Subsequently, Scanning Electron Microscopy experiments were performed to find the optimal hydrogel polymerisation conditions that result in the desired macroporous structure. After attempting different hydrogel synthesis conditions, the required conditions were identified.
To demonstrate the functionality of the dextran-adhesin combination, we first investigated the dextran-binding capabilities of the isolated MpIBP carbohydrate-binding domain via an assay based on dextran binding affinity to Sephadex beads, which can be used to pull dextran-binding proteins from solution. A schematic overview and global explanation of this experiment can be seen in figure 4. More details about this experiment and the results can be seen at the registry page of our carbohydrate-binding domain biobrick, BBa_K2812000.
Next, a washing experiment was designed to investigate the binding of adhesin expressing E. coli BL21 (DE3) bacteria to 380 µL columnar-shaped hydrogels under different circumstances. A schematic overview and global explanation of this experiment can be seen in figure 5. Click for more detailed experimental conditions and results. During these experiments we switched in our design from E. coli BL21 (DE3) to E. coli BLR, a strain known known for more stable expression of proteins with many repeats, in an attempt to obtain more consistent results.

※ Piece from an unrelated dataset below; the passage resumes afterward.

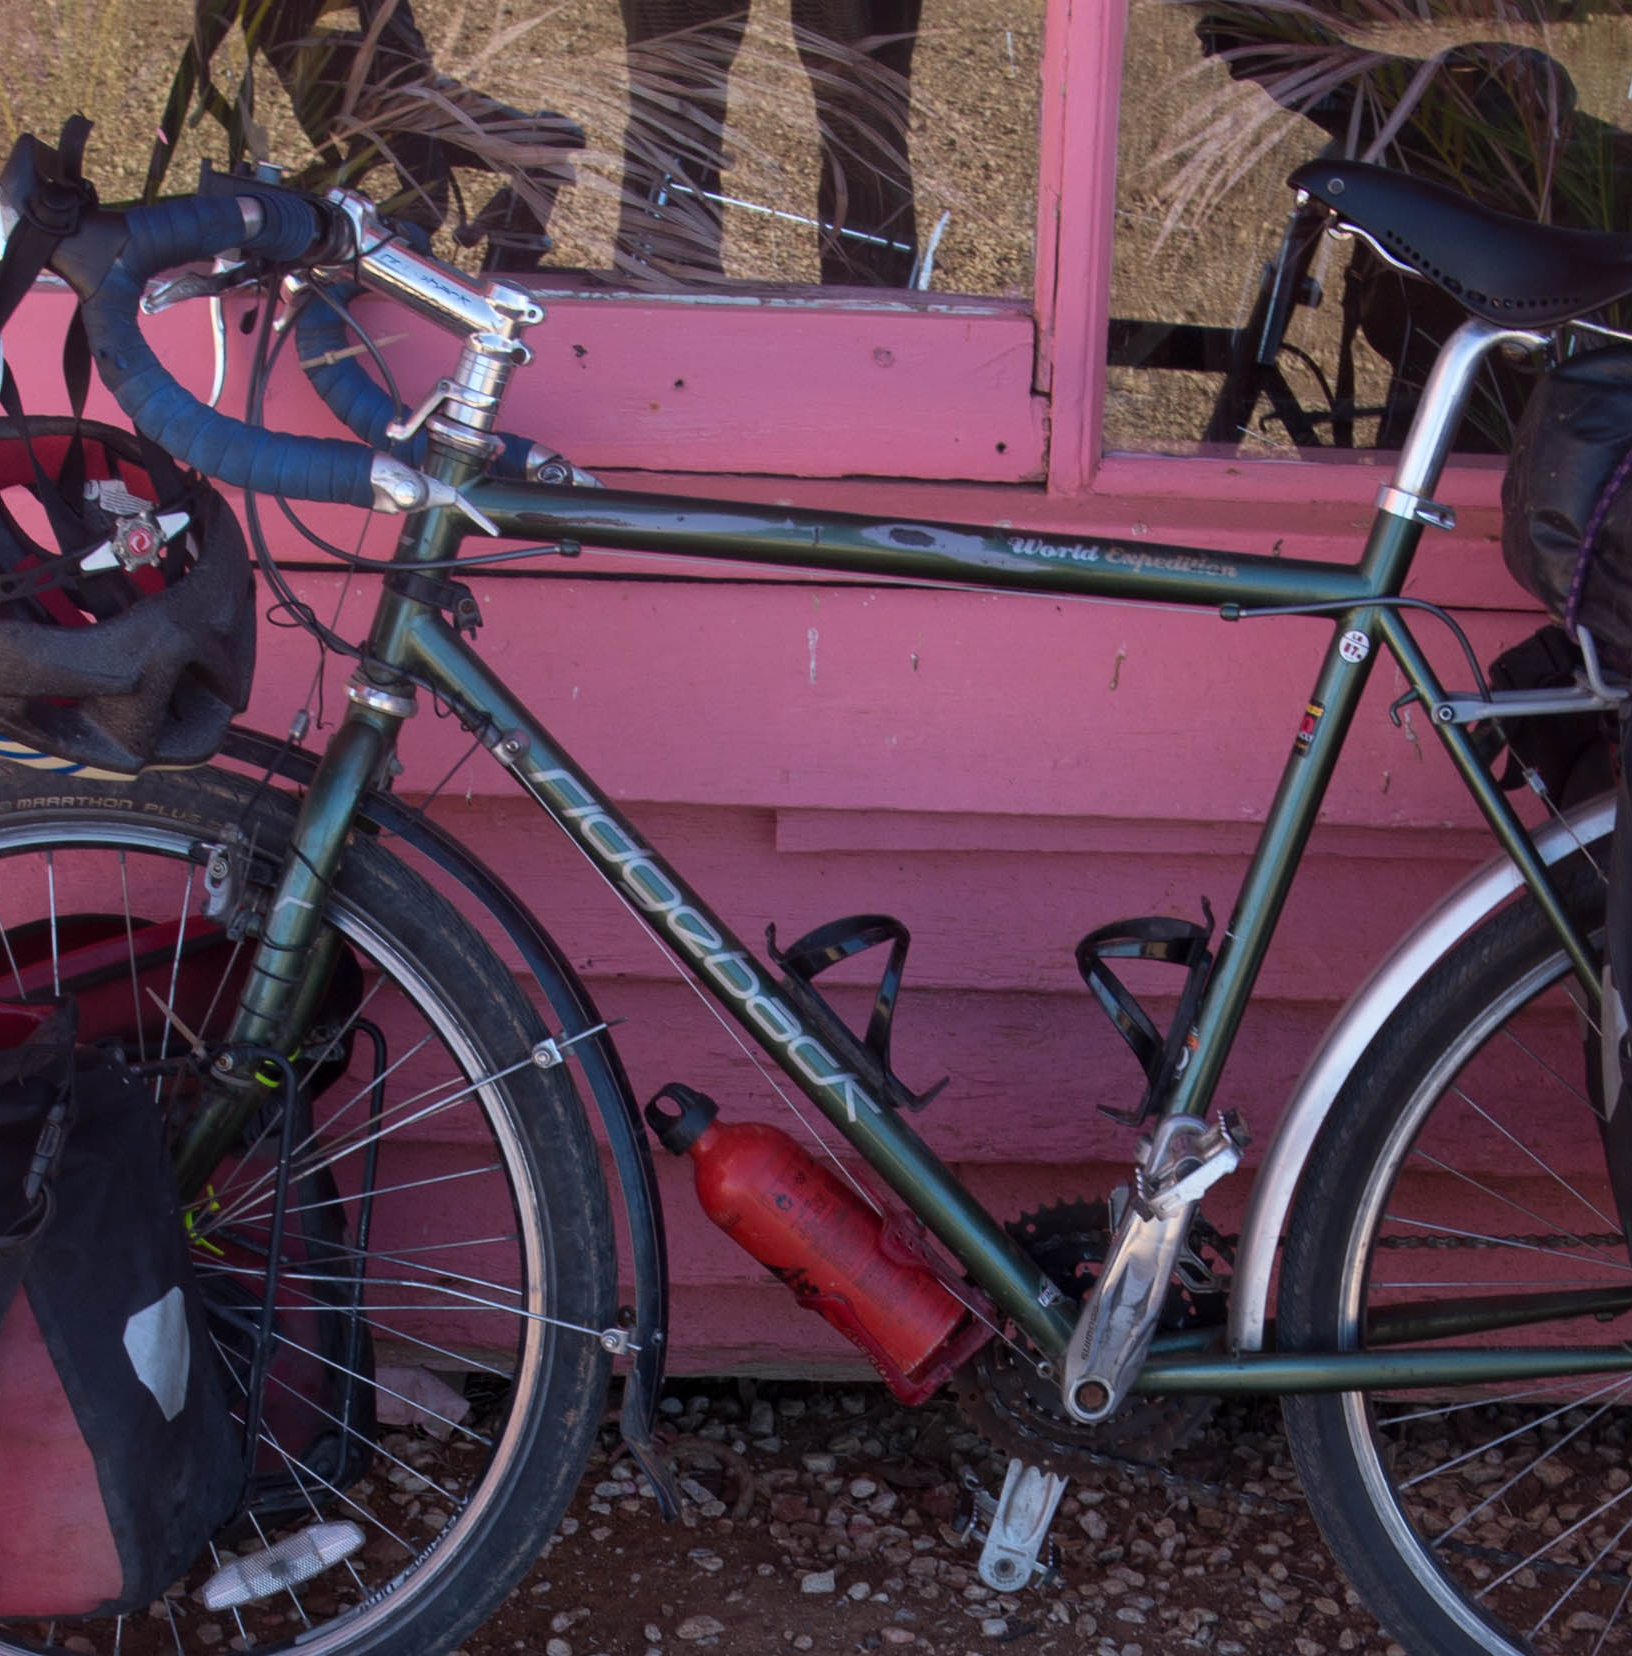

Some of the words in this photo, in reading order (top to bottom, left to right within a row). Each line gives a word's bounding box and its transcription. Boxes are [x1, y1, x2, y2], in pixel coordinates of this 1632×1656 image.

The washing and crushing experiment was time consuming and error sensitive. Therefore, a new experiment was devised to investigate the effect of the adhesin in retaining the E. coli bacteria inside the hydrogel. The central component in this experiment is a cubic hydrogel containing a cavity, which we fabricated using polydimethysiloxane fabrication. The chamber allows bacteria to be loaded inside the hydrogel and subsequently, a leakage experiment was performed to quantify bacterial leakage over time. A schematic illustration can be seen in figure 6. Click for more detailed experimental conditions and results With this new prototype hydrogel, more consistent and robust results were obtained.
Figure 6. Schematic illustration of the leakage experiment set-up to investigate the effect of the adhesin in tethering the bacteria to the hydrogel. 1) Pre-culture with induction 2) Inject culture into cavity 3) Gels soaked in culture medium 4) Gel transferred into petri dish 5) Bacteria injected into cavity 6) Medium added. Afterwards, samples are taken periodically.

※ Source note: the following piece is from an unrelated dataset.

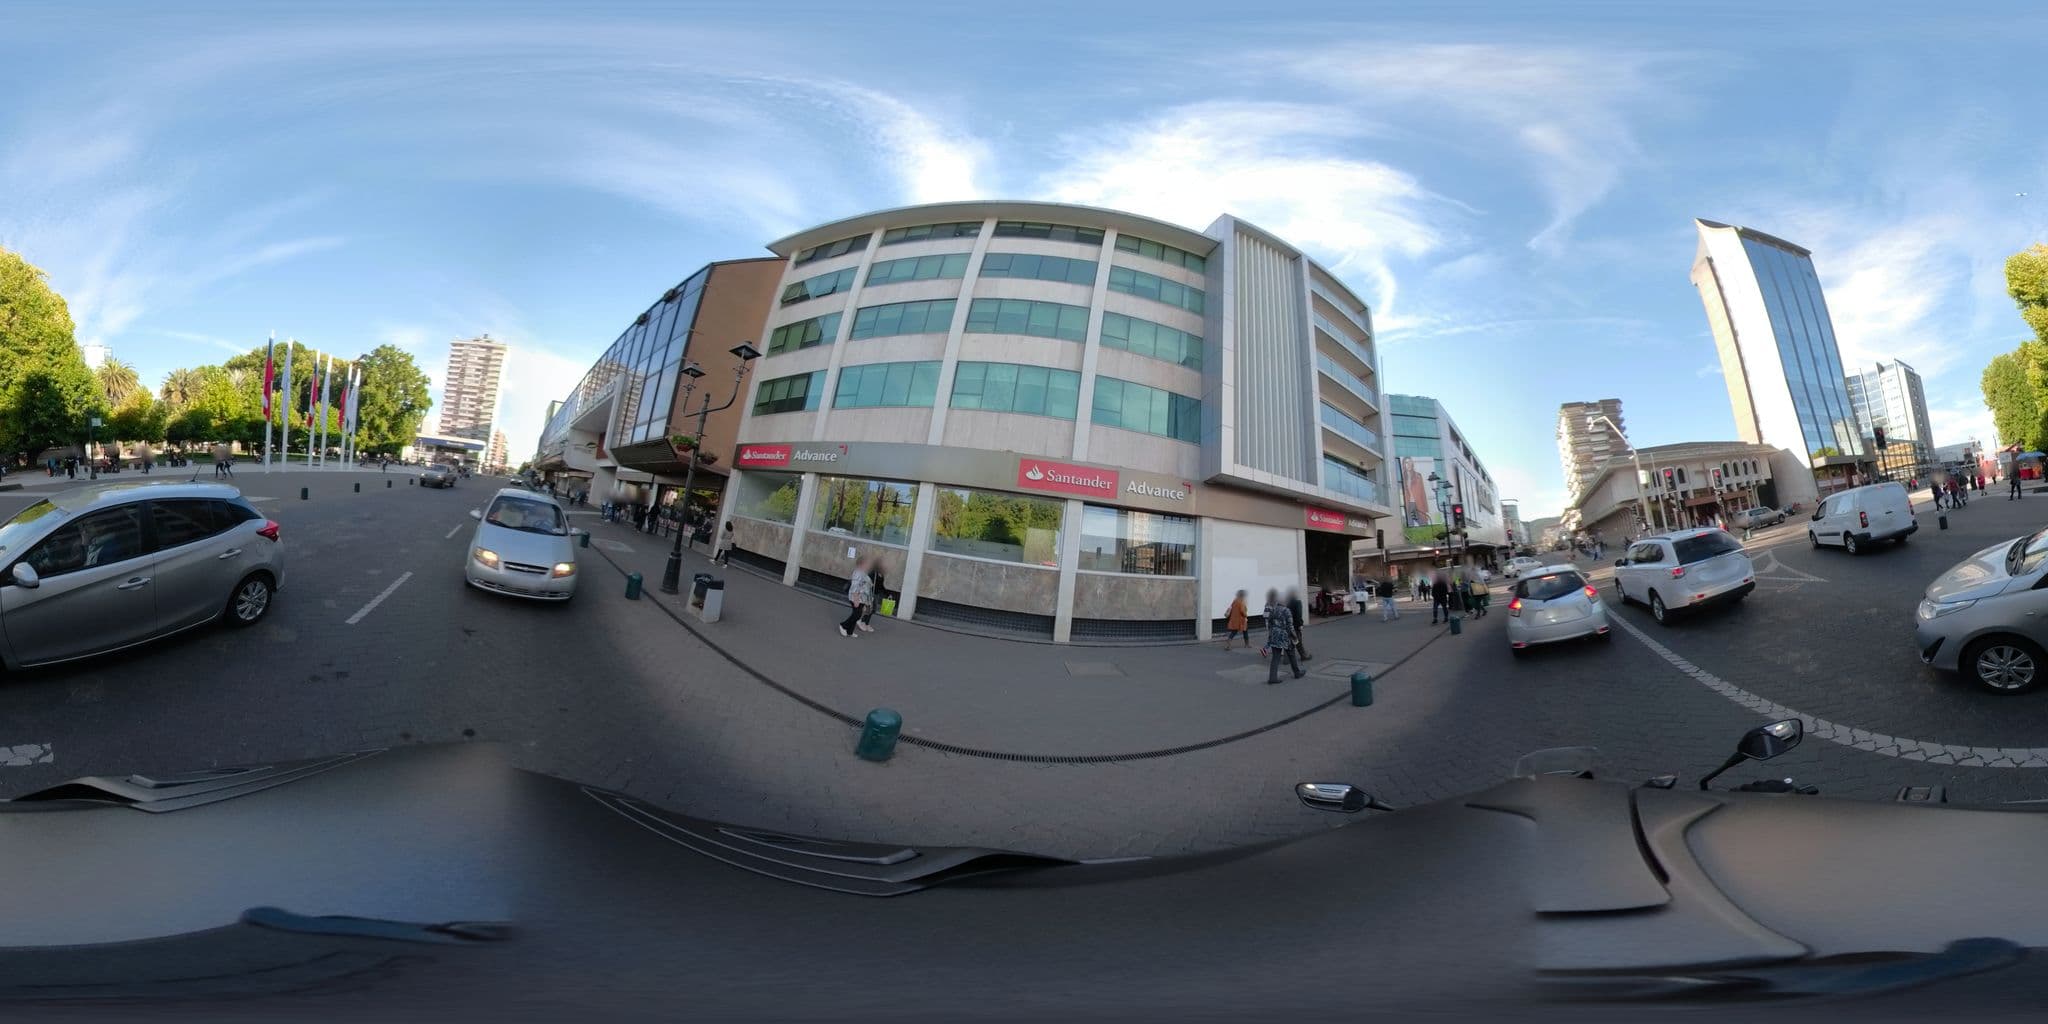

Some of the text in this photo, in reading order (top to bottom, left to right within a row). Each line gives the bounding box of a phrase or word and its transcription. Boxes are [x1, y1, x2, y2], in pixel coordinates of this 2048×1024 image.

[794, 450, 838, 461] Advance
[1046, 470, 1185, 501] Santander Advance

Fighting against Infections of Burns and Chronic Wounds
To illustrate the potential of living materials, we decided to develop it into a living skin patch capable of the continuous secretion of bacteriocins to combat bacteria responsible for infections in patients suffering from burns and chronic wounds. For a detailed analysis of the background of the problem and our interviews with experts and stakeholders please see our Human Practices section and Applied Design section.

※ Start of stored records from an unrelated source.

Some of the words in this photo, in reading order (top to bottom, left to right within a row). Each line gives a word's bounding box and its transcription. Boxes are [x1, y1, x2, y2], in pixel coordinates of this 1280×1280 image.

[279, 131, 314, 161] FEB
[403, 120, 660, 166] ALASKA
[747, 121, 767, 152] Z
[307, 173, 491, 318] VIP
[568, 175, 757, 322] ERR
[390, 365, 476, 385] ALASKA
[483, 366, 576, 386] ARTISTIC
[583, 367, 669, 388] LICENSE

As mentioned above, this specific application scenario leads to additional requirements, preferences and constraints.
- Safety & Biocompatibility: The bacteriocin secreting patch should be safe to use for patients and healthcare professionals. It should be easy to sterilize prior to seeding with bacteria to avoid the introduction of other bacteria near the wound.
- Effectivity: The effect of the patch should be limited to infection causing bacteria, with Staphylococcus aureus as our primary target
- User friendliness: The patch must be easy to use for healthcare professionals such as doctors and nurses. It must also be comfortable for patients.
- Selectivity: The bacteriocins secreted by the patch must only be active against the specific strains of bacteria causing wound infections.
- Modularity: Ideally our patch can target different bacterial strains by simply changing the bacteriocin encoding gene.
- Longevity: Our patch should be able to perform its function for approximately 3 to 4 days, reducing the number of wound dressing changes patients experience.
- Storability: The patch should have a long shelf-life and should be straightforward to store to compete with already existing treatments and to avoid availability issues.
- Approval: The base material of the patch (the hydrogel) should ideally be already approved by the U.S. Food and Drug Administration (FDA) and European Medicines Agency such that only the polymerisation and integration of living organisms requires investigation and approval by regulatory institutions to accelerate implementation.
- The bacteriocins secreted by the patch must not be toxic to E. coli
Our dextran hydrogel is very suitable for wound healing. Our hydrogel is stable at physiological conditions for months and can be stored in a dried state and re-swollen prior to use, avoiding availability problems (9). Dextran is already approved by the FDA for clinical use for plasma volume expansion, antithrombotic agent and peripheral flow promotion (10). Furthermore, the hydrogel can be easily sterilized using radiation (11). For this application scenario, FDA approval for the polymerized methacrylated dextran, possible degradation products, and the integration of engineered E. coli bacteria is required.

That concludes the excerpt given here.